Tesla has also just announced plans to build a new factory to build Superchargers in Shanghai. The new facility is expected to go online in the first quarter of 2021, and could eventually produce 10,000 Superchargers per year.
Tesla needs China—the automaker is counting on massive sales in the world’s biggest EV growth market to help it achieve its goal of increasing global delivery figures by 40-50% annually over the next decade. However, Loup believes that China needs Tesla as well.
In 2018, China eliminated the requirement for foreign automakers to establish joint ventures with local companies, which enabled Tesla to build its Shanghai Gigafactory. Now, oddly enough, Tesla is considered a local automaker, and is entitled to the same incentives and government support as any homegrown auto brand. Why did China change its policy? According to Loup, the answer is that China’s EV industry needs Tesla to help it seize a leading role in the electrified auto market of the future.
Loup’s Gene Munster and David Stokman eloquently sum up the situation: “Chinese officials are well aware of two emerging factors. First, the auto industry will eventually go 100% electric, and second, the vast majority of established automakers outside of VW and GM are lagging when it comes to EV tech. Herein lies the entry point to boost China’s EV industry at the core: attract the global leader in EVs and let that company invest in China-made battery tech, support local parts makers, and most importantly, hire Chinese talent and let them learn from the best. Eventually, these employees will leave Tesla and start their own EV companies, join Chinese auto parts makers, or pair up with OEMs like BYD, GAC, and Nio.”
Once again, we see that Tesla’s global strategy serves its long-term goal of electrifying the world’s transportation system.

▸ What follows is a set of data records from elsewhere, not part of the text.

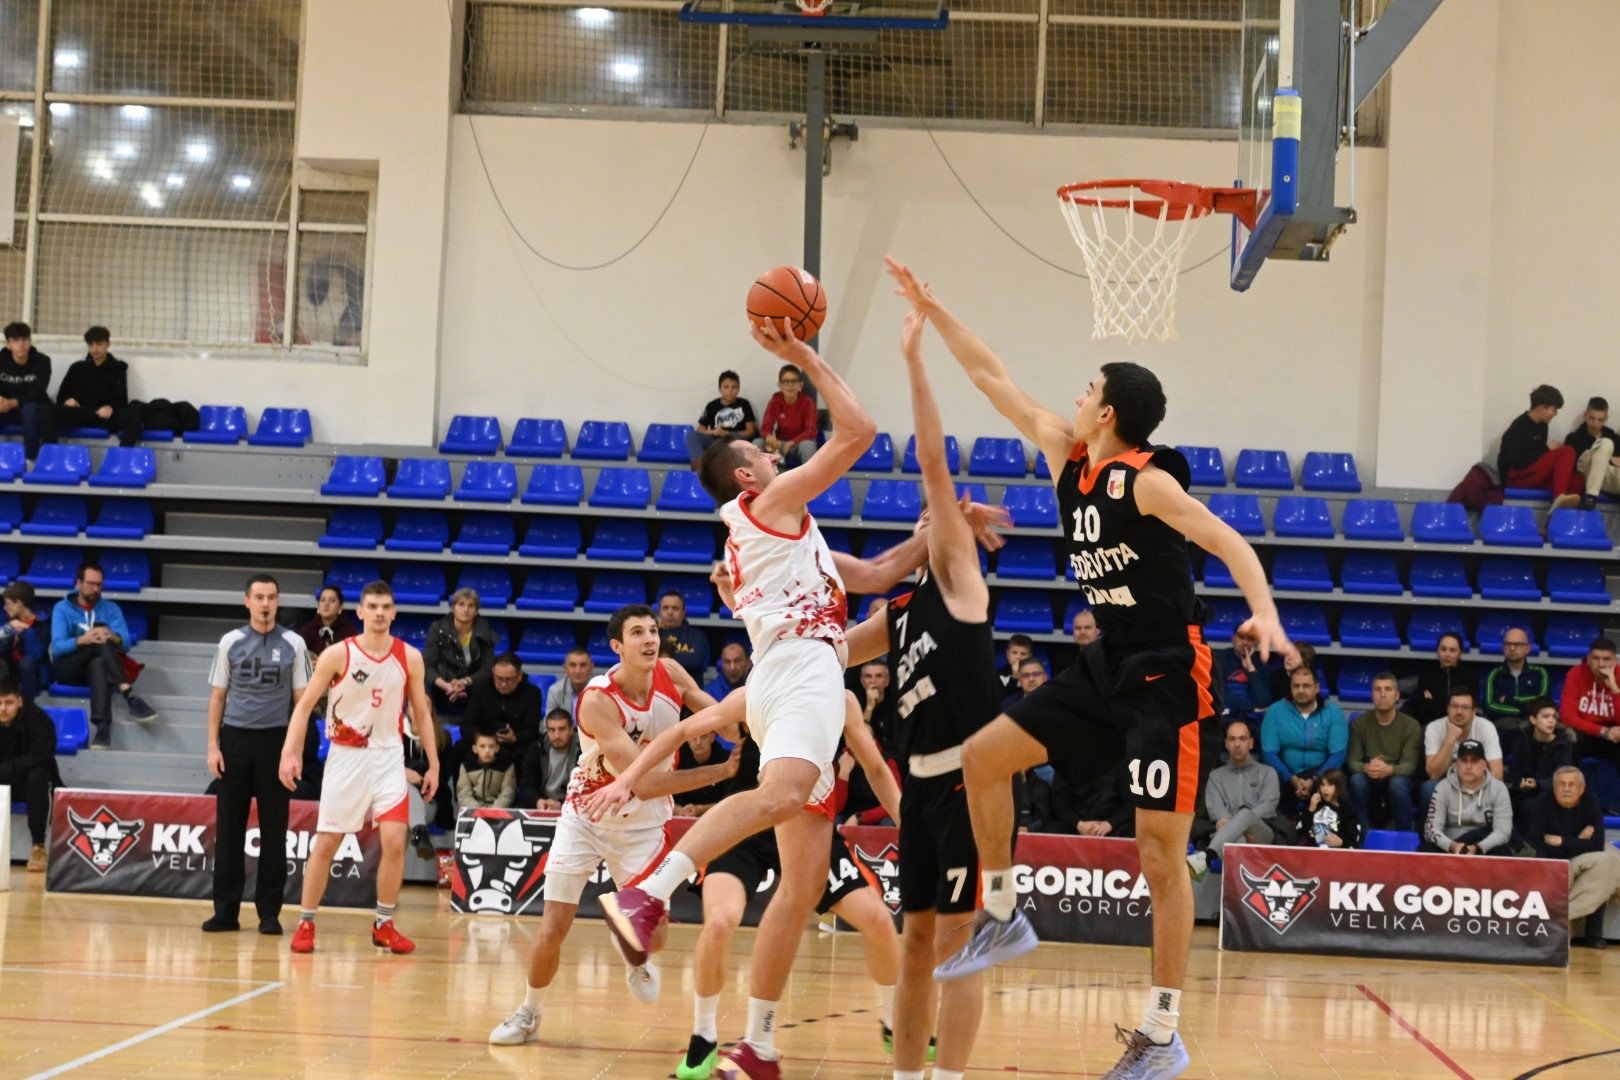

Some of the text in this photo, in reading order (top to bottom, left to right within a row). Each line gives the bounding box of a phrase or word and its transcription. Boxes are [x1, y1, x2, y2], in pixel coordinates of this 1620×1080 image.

[1072, 505, 1100, 543] 10
[896, 610, 909, 650] 7
[371, 688, 383, 708] 5
[1128, 758, 1171, 799] 10
[151, 823, 207, 854] KK
[152, 853, 215, 872] VELI
[828, 857, 859, 894] 14
[946, 866, 968, 904] 7
[1012, 864, 1152, 900] GORICA
[1329, 881, 1550, 920] KK GORICA
[1330, 912, 1549, 937] VELIKA GORICA
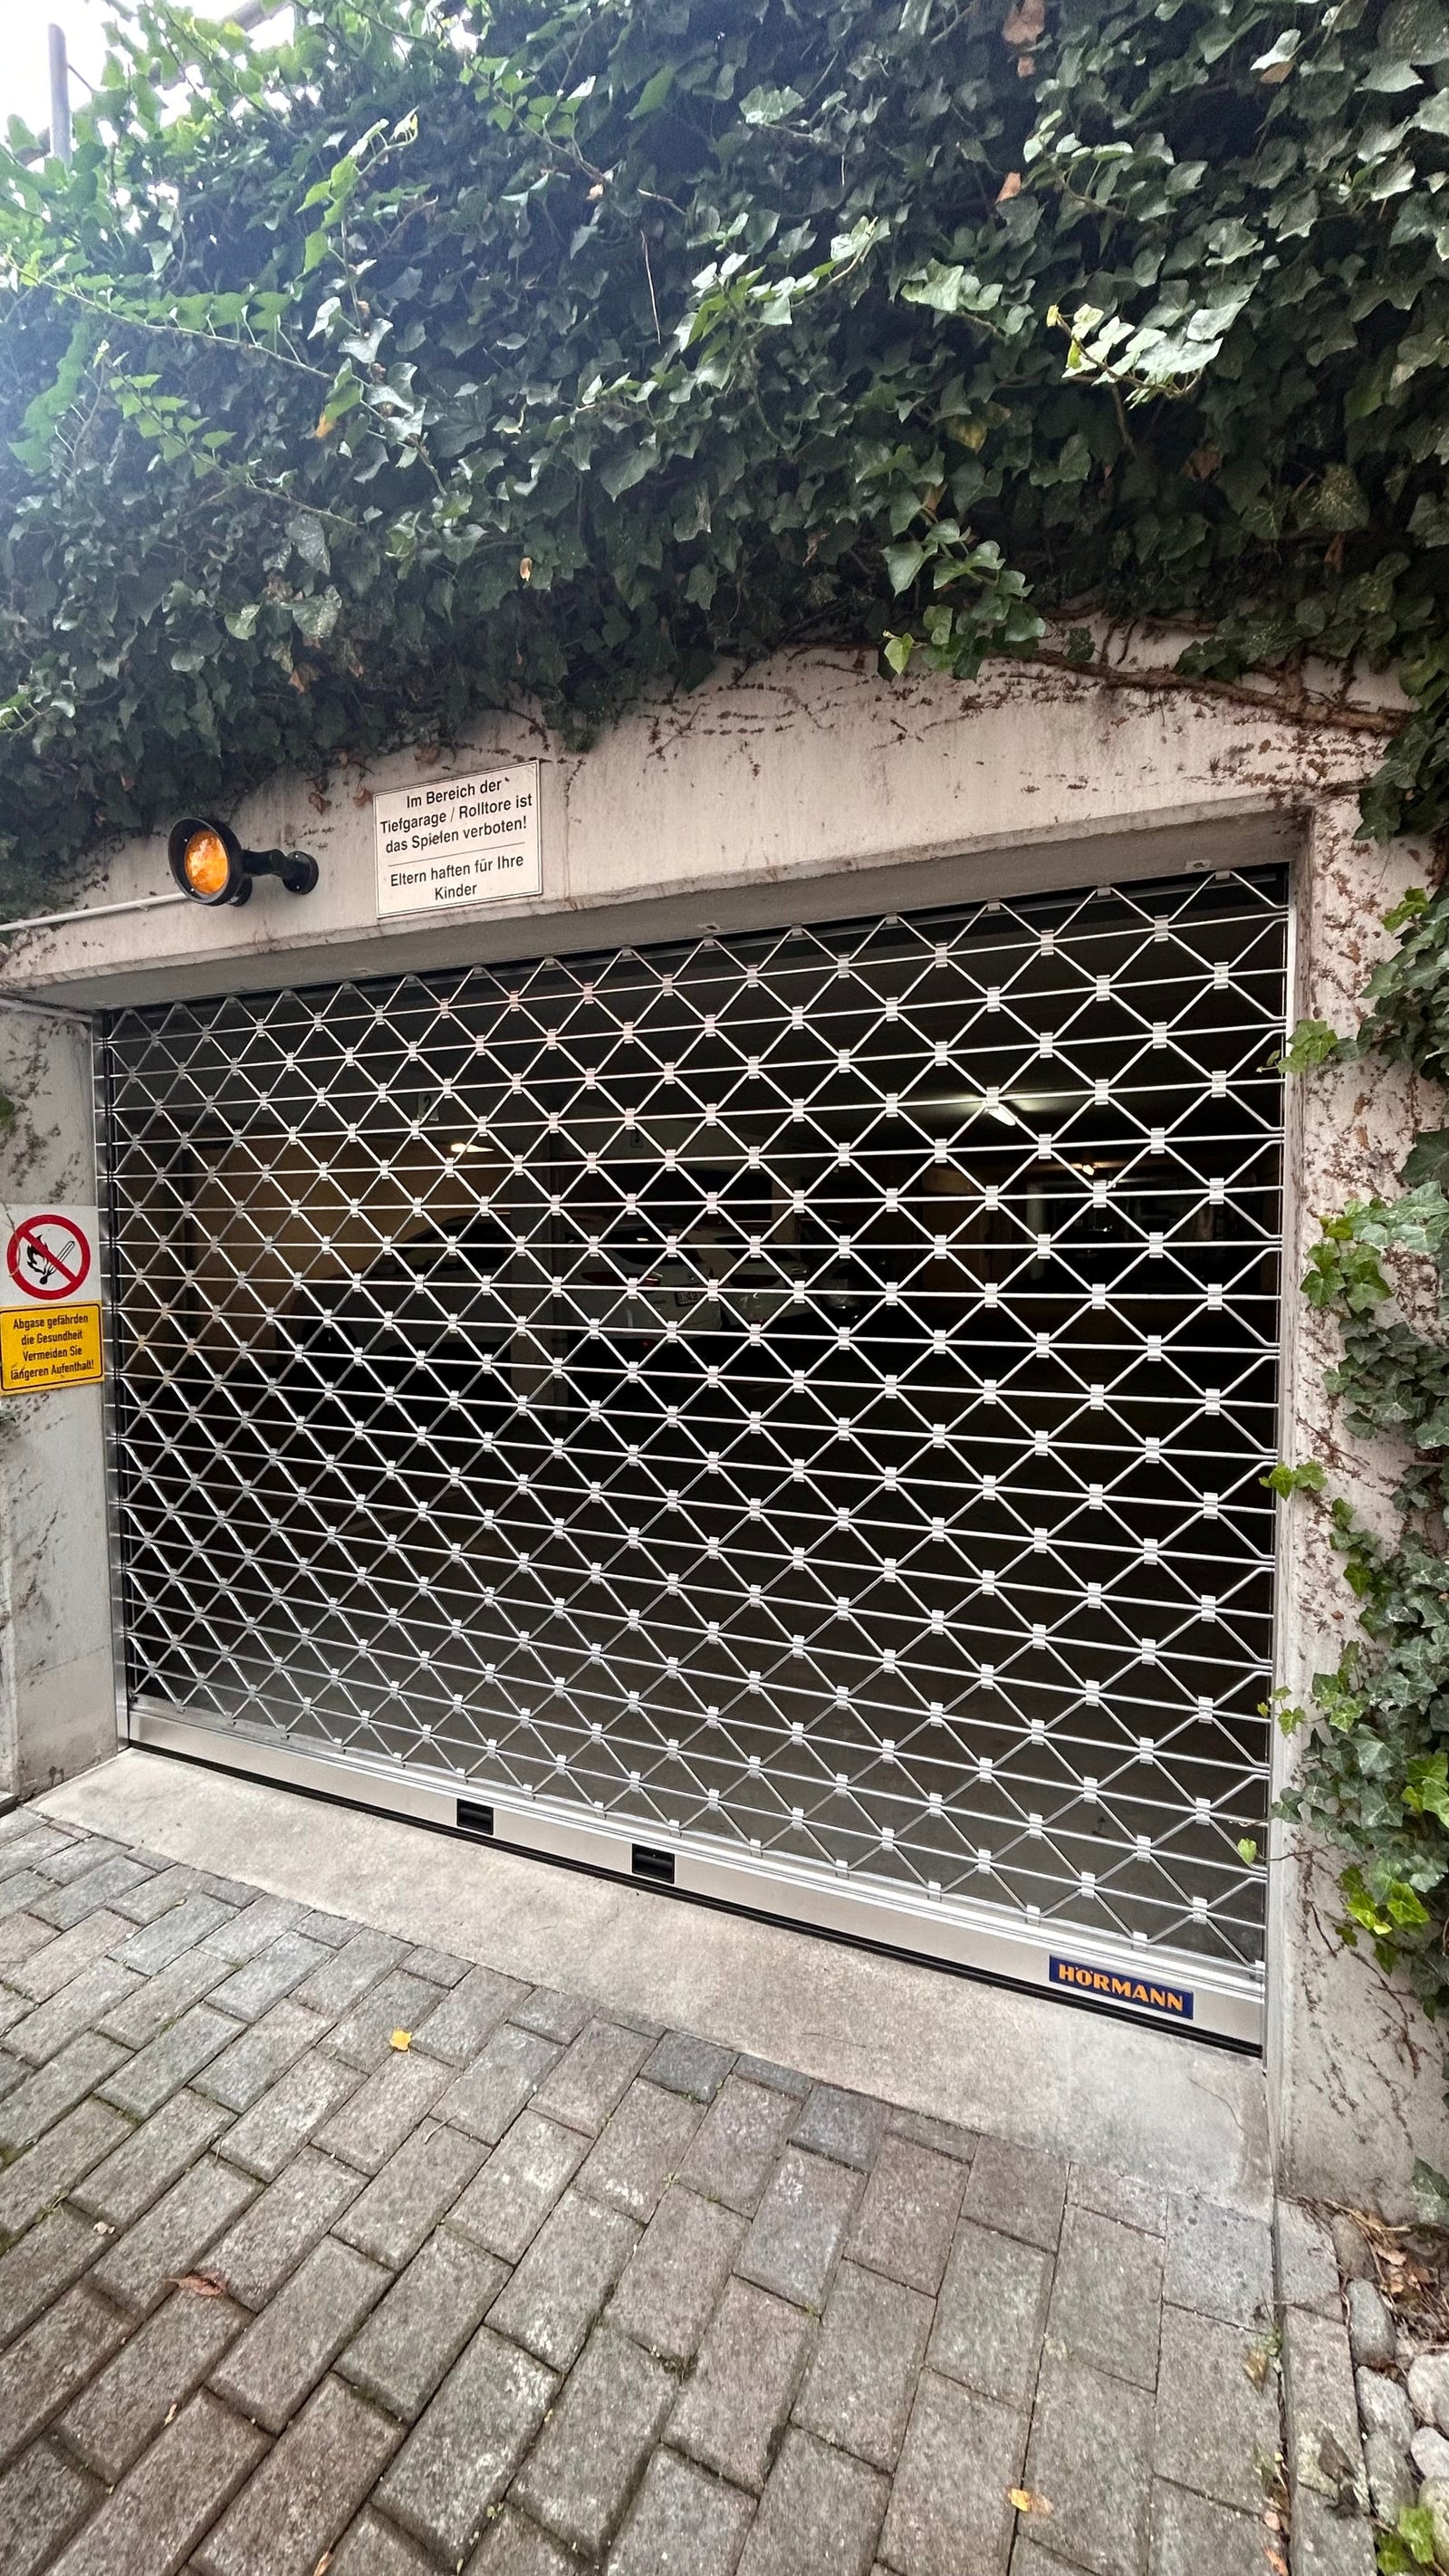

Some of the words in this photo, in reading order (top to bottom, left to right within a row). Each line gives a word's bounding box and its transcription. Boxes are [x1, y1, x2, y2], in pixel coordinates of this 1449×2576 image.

[407, 795, 421, 808] Im
[427, 783, 475, 804] Bereich
[480, 779, 502, 793] der
[380, 811, 446, 833] Tiefgarage
[450, 808, 455, 822] /
[459, 799, 511, 819] Rolltore
[516, 793, 533, 809] ist
[386, 839, 408, 852] das
[412, 830, 458, 851] Spielen
[463, 816, 527, 839] verboten!
[390, 871, 427, 886] Eltern
[431, 862, 470, 880] haften
[475, 859, 493, 873] für
[498, 855, 523, 870] Ihre
[435, 883, 477, 900] Kinder
[14, 1317, 44, 1331] Abgase
[47, 1314, 88, 1329] gefährden
[22, 1334, 35, 1345] die
[37, 1330, 82, 1344] Gesundheit
[23, 1349, 67, 1361] Vermeiden
[70, 1345, 82, 1356] Sie
[11, 1366, 49, 1380] längeren
[52, 1360, 94, 1374] Aufenthalt!
[1059, 1963, 1183, 2012] HÖRMANN

A similar process of technology transfer will take place in Germany, and wherever else Tesla decides to build Gigafactories. Some “America First” types may not like the idea of sharing our secrets with an autocratic rival such as China, but climate change doesn’t respect boundaries, and we need to get all the best minds in the world working on solutions. Furthermore, if we want to see American companies get a bigger slice of the automotive pie (an outcome I would be happy to see), then we need to get serious about accelerating the shift to EVs, as China and Europe have done.